» **Problem details**: Set down every entry again word for word, please, but skip the pictures.

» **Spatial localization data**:
—————
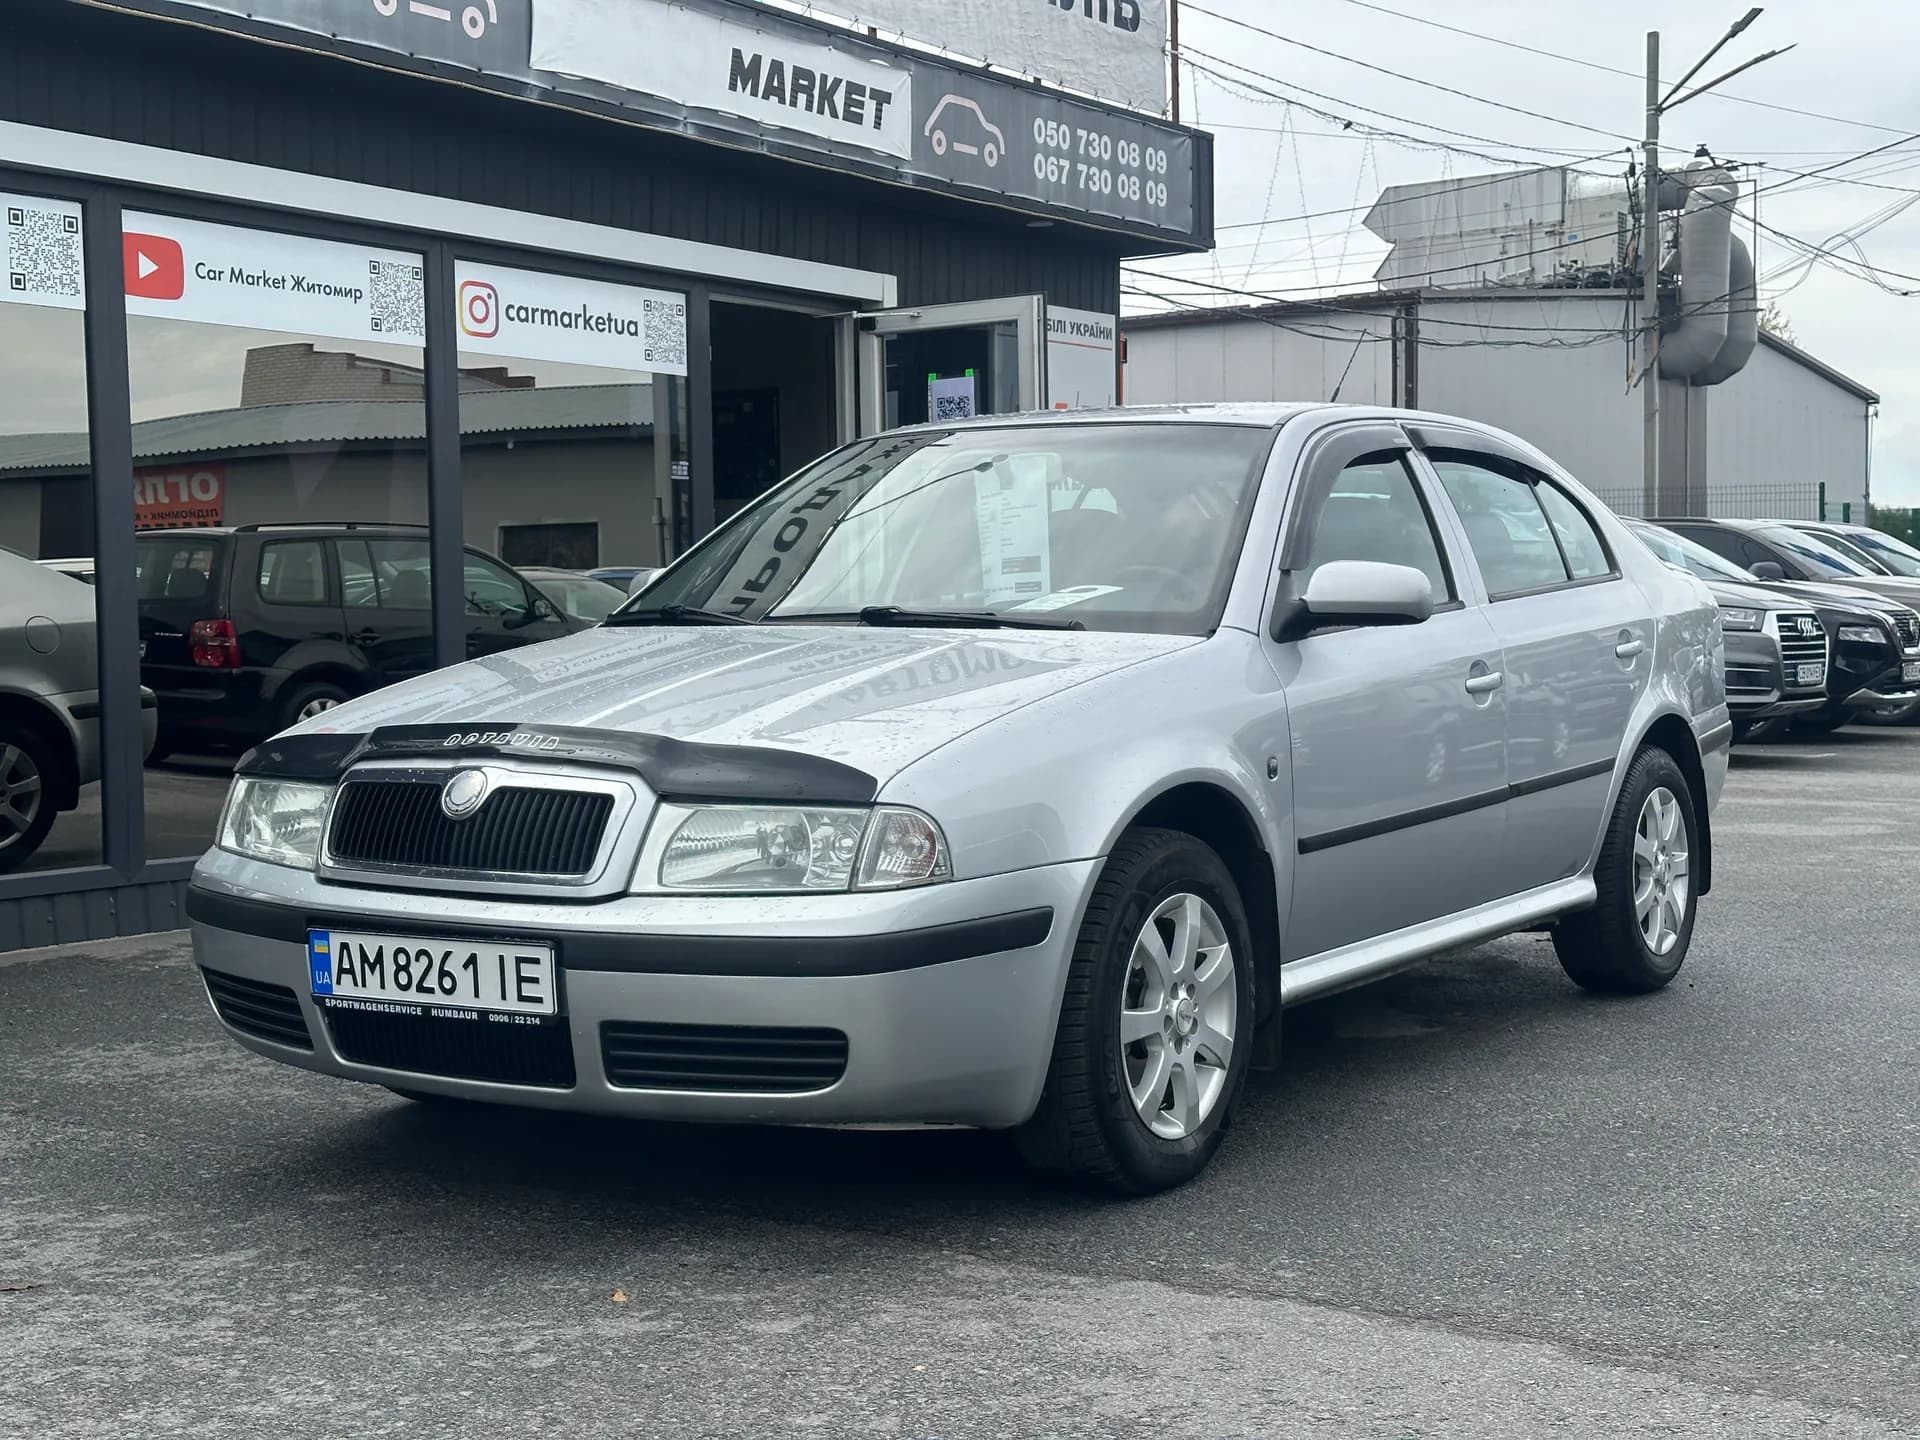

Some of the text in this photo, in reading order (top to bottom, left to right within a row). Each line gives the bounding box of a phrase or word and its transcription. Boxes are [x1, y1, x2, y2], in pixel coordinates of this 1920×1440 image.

[728, 47, 892, 130] MARKET
[1033, 117, 1167, 174] 050 730 08 09
[1033, 152, 1167, 207] 067 730 08 09
[195, 262, 363, 304] Car Market Житомир
[505, 303, 639, 337] carmarketua
[1069, 320, 1113, 341] УКРАЇНИ
[443, 732, 560, 749] OCTAVIA
[315, 970, 331, 985] UA
[325, 998, 423, 1016] SPORTWAGENSERVICE
[431, 1008, 478, 1021] HUMBAUR
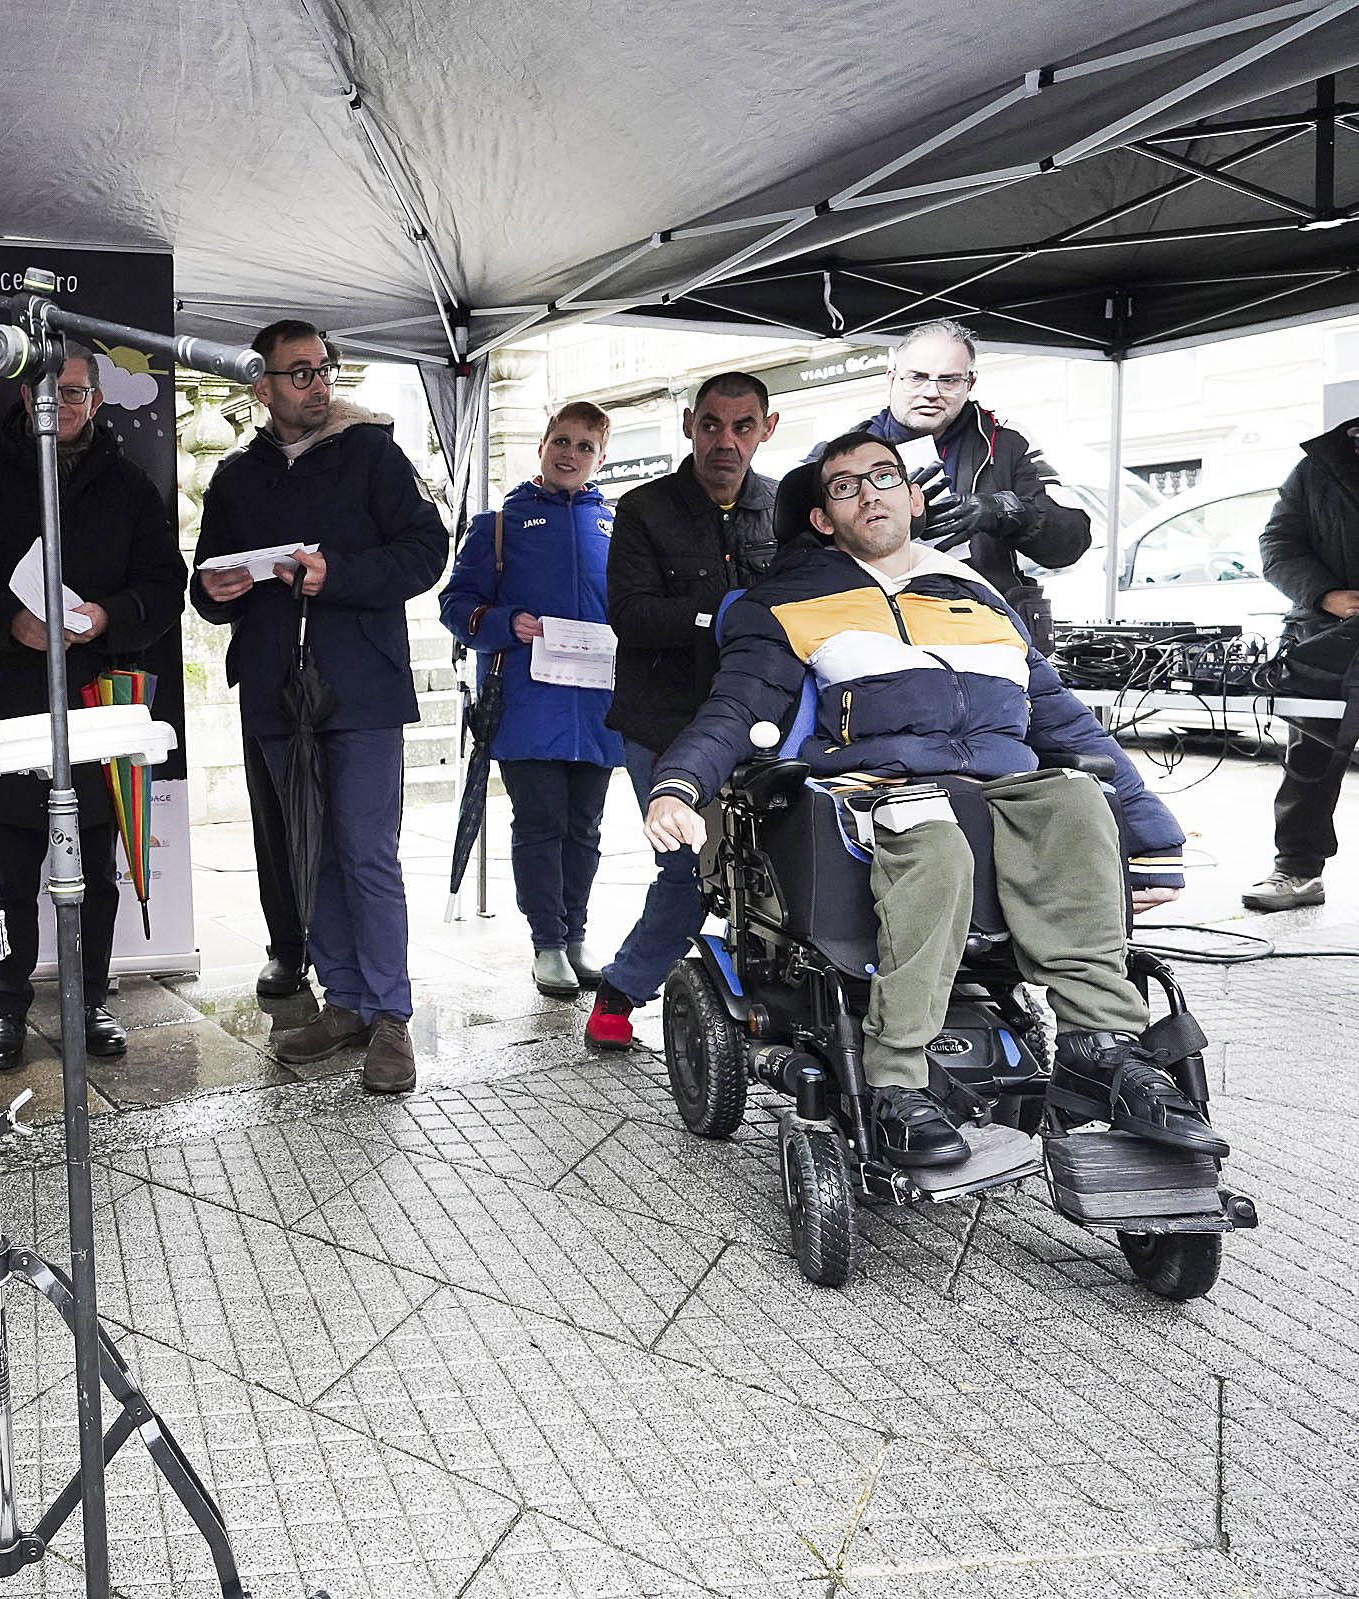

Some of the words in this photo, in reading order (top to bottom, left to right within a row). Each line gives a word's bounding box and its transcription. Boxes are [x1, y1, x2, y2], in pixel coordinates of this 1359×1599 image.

[800, 364, 844, 381] VIAJES
[523, 518, 546, 528] JAKO
[930, 1044, 964, 1052] QUICKIE
—————
» **Written solution**:
Some of the text in this photo, in reading order (top to bottom, left to right within a row). Each line gives the bounding box of a phrase or word and its transcription. Boxes are [x1, y1, x2, y2], in pixel coordinates of this 1920×1440 image.

[728, 47, 892, 130] MARKET
[1033, 117, 1167, 174] 050 730 08 09
[1033, 152, 1167, 207] 067 730 08 09
[195, 262, 363, 304] Car Market Житомир
[505, 303, 639, 337] carmarketua
[1069, 320, 1113, 341] УКРАЇНИ
[443, 732, 560, 749] OCTAVIA
[315, 970, 331, 985] UA
[325, 998, 423, 1016] SPORTWAGENSERVICE
[431, 1008, 478, 1021] HUMBAUR

Some of the words in this photo, in reading order (top to bottom, left to right within a row). Each line gives a word's bounding box and its transcription. Boxes are [x1, y1, x2, y2], in pixel coordinates of this 1359×1599 image.

[800, 364, 844, 381] VIAJES
[523, 518, 546, 528] JAKO
[930, 1044, 964, 1052] QUICKIE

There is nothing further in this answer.